▶ Exercise requirements
You are asked to reproduce the listing exactly and to omit its pictures.

=== Section Start ===

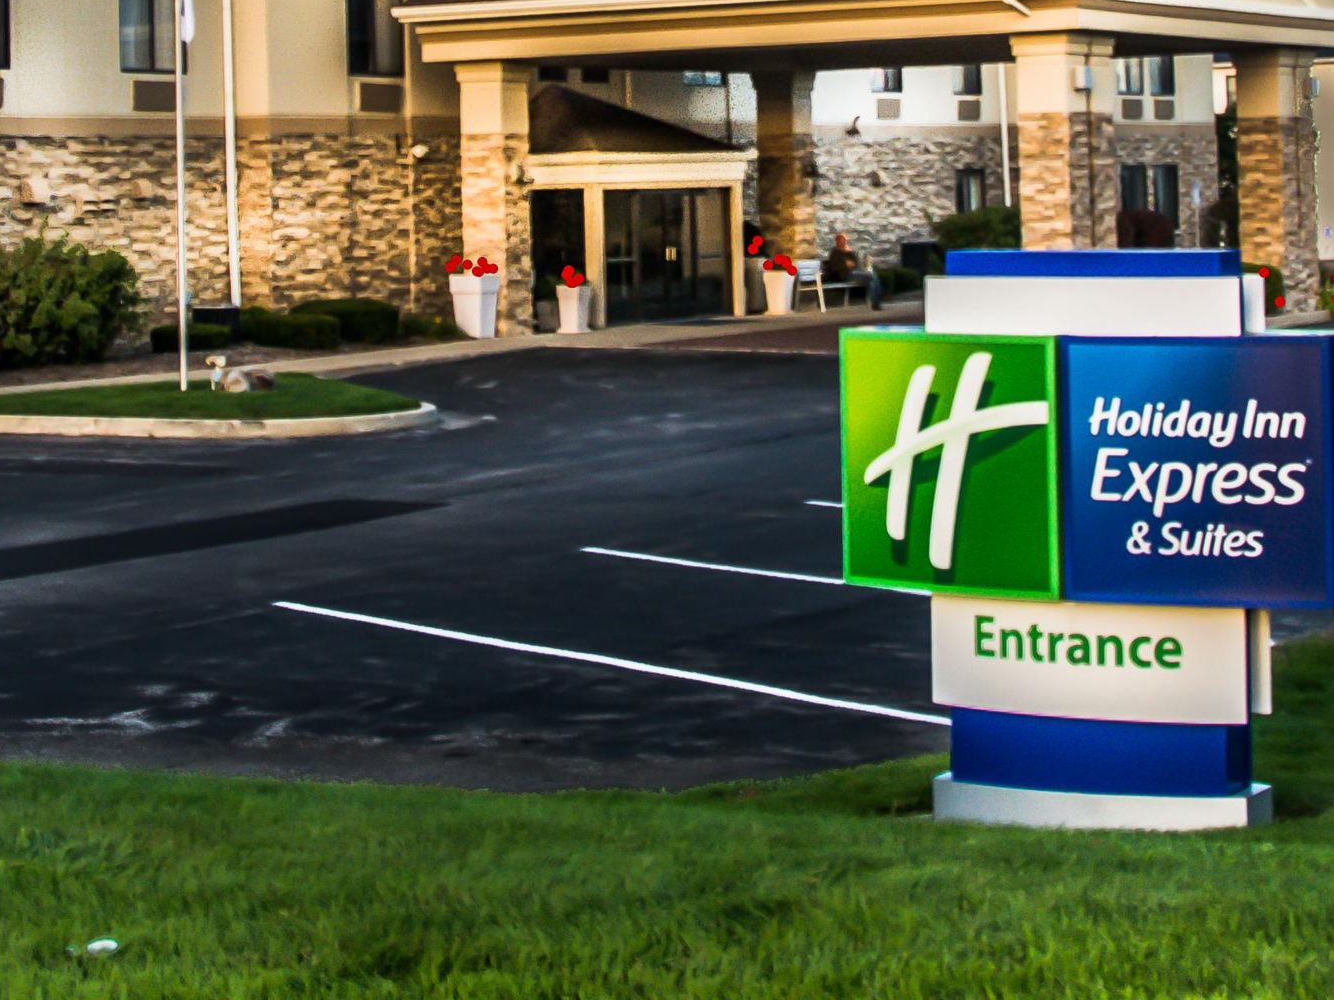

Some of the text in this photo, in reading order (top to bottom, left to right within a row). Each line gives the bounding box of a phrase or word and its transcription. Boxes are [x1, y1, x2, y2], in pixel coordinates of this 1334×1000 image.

[1088, 396, 1306, 448] Holiday Inn
[864, 351, 1048, 570] H
[1090, 447, 1307, 518] Express
[1126, 520, 1264, 558] & Suites
[974, 614, 1183, 669] Entrance
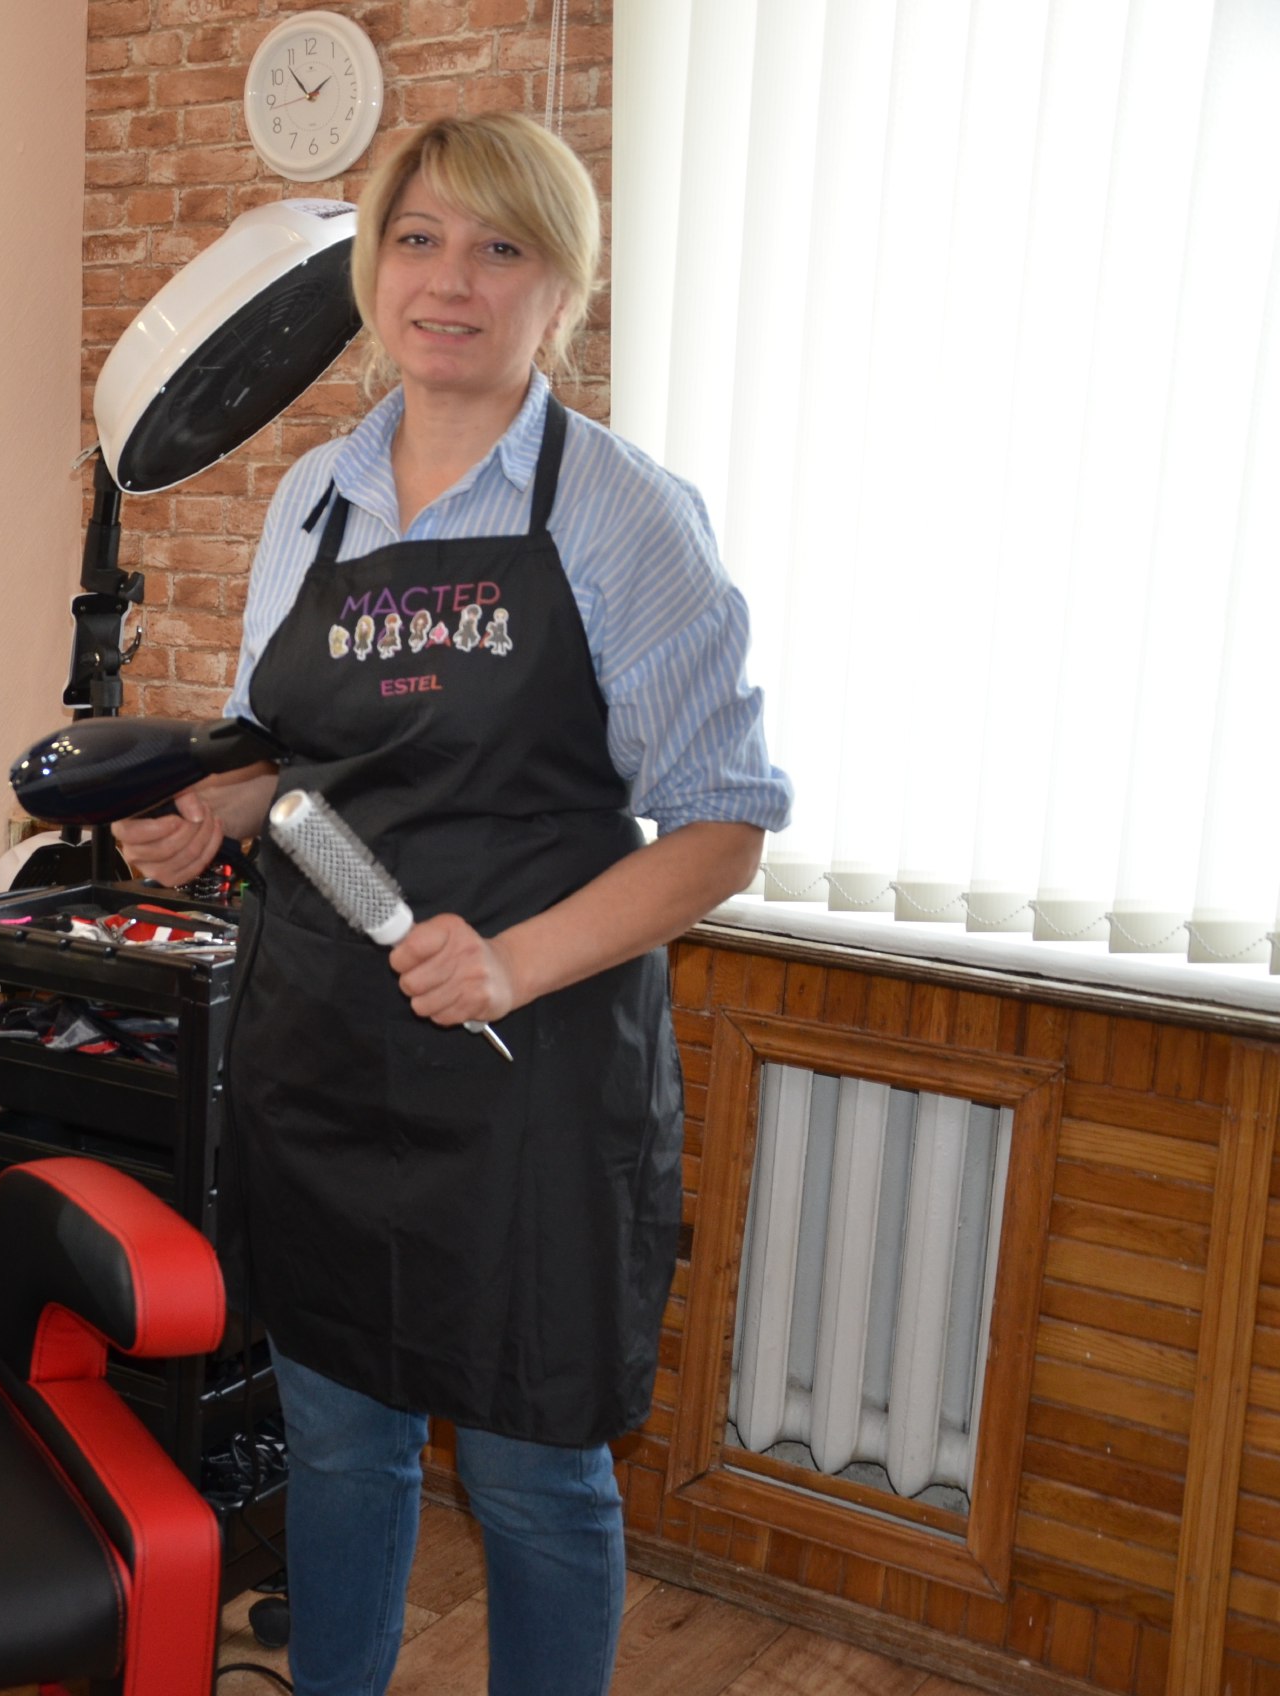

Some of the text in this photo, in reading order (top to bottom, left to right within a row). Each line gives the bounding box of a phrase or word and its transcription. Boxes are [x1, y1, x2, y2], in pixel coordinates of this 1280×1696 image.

[304, 37, 318, 56] 12
[287, 48, 295, 65] 11
[344, 58, 354, 76] 2
[271, 68, 284, 86] 10
[266, 94, 277, 111] 9
[272, 116, 282, 134] 8
[289, 132, 298, 150] 7
[329, 127, 340, 145] 5
[308, 138, 319, 156] 6
[339, 581, 501, 620] МАСТЕР
[380, 674, 443, 697] ESTEL
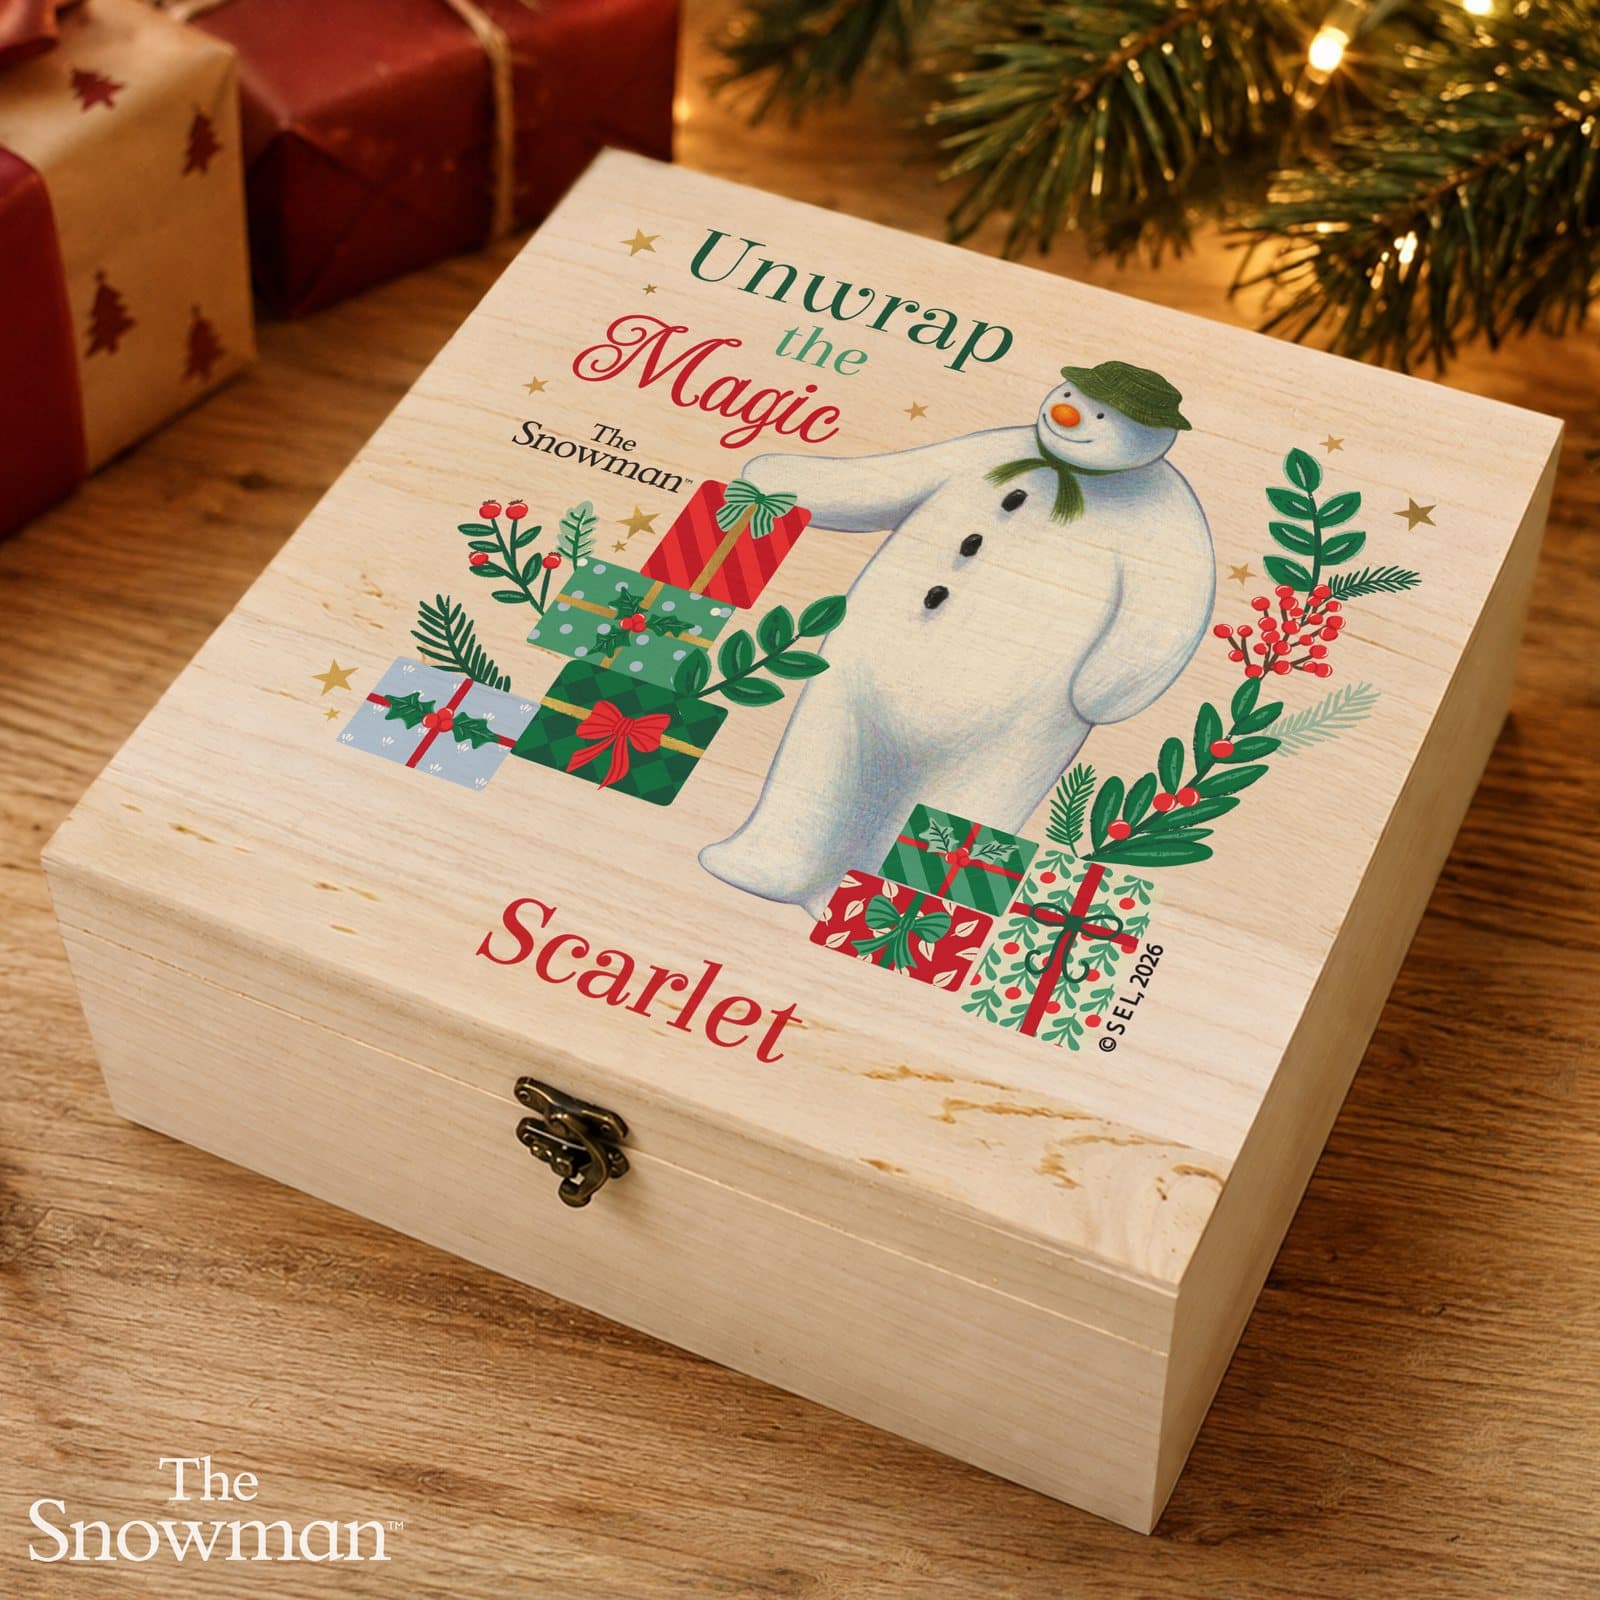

=== Section End ===

▶ Response area
Some of the text in this photo, in reading order (top to bottom, left to right within a row). Each line gives the bounding box of a phrase or word and its transcription. Boxes are [x1, y1, x2, y2], in pixel coordinates of this 1334×1000 image.

[1088, 396, 1306, 448] Holiday Inn
[864, 351, 1048, 570] H
[1090, 447, 1307, 518] Express
[1126, 520, 1264, 558] & Suites
[974, 614, 1183, 669] Entrance

Some of the text in this photo, in reading order (top to bottom, left to right within a row). Each line gives the bounding box of a phrase or word and its transcription. Boxes are [x1, y1, x2, y2], in pixel coordinates of this 1280×1696 image.

[304, 37, 318, 56] 12
[287, 48, 295, 65] 11
[344, 58, 354, 76] 2
[271, 68, 284, 86] 10
[266, 94, 277, 111] 9
[272, 116, 282, 134] 8
[289, 132, 298, 150] 7
[329, 127, 340, 145] 5
[308, 138, 319, 156] 6
[339, 581, 501, 620] МАСТЕР
[380, 674, 443, 697] ESTEL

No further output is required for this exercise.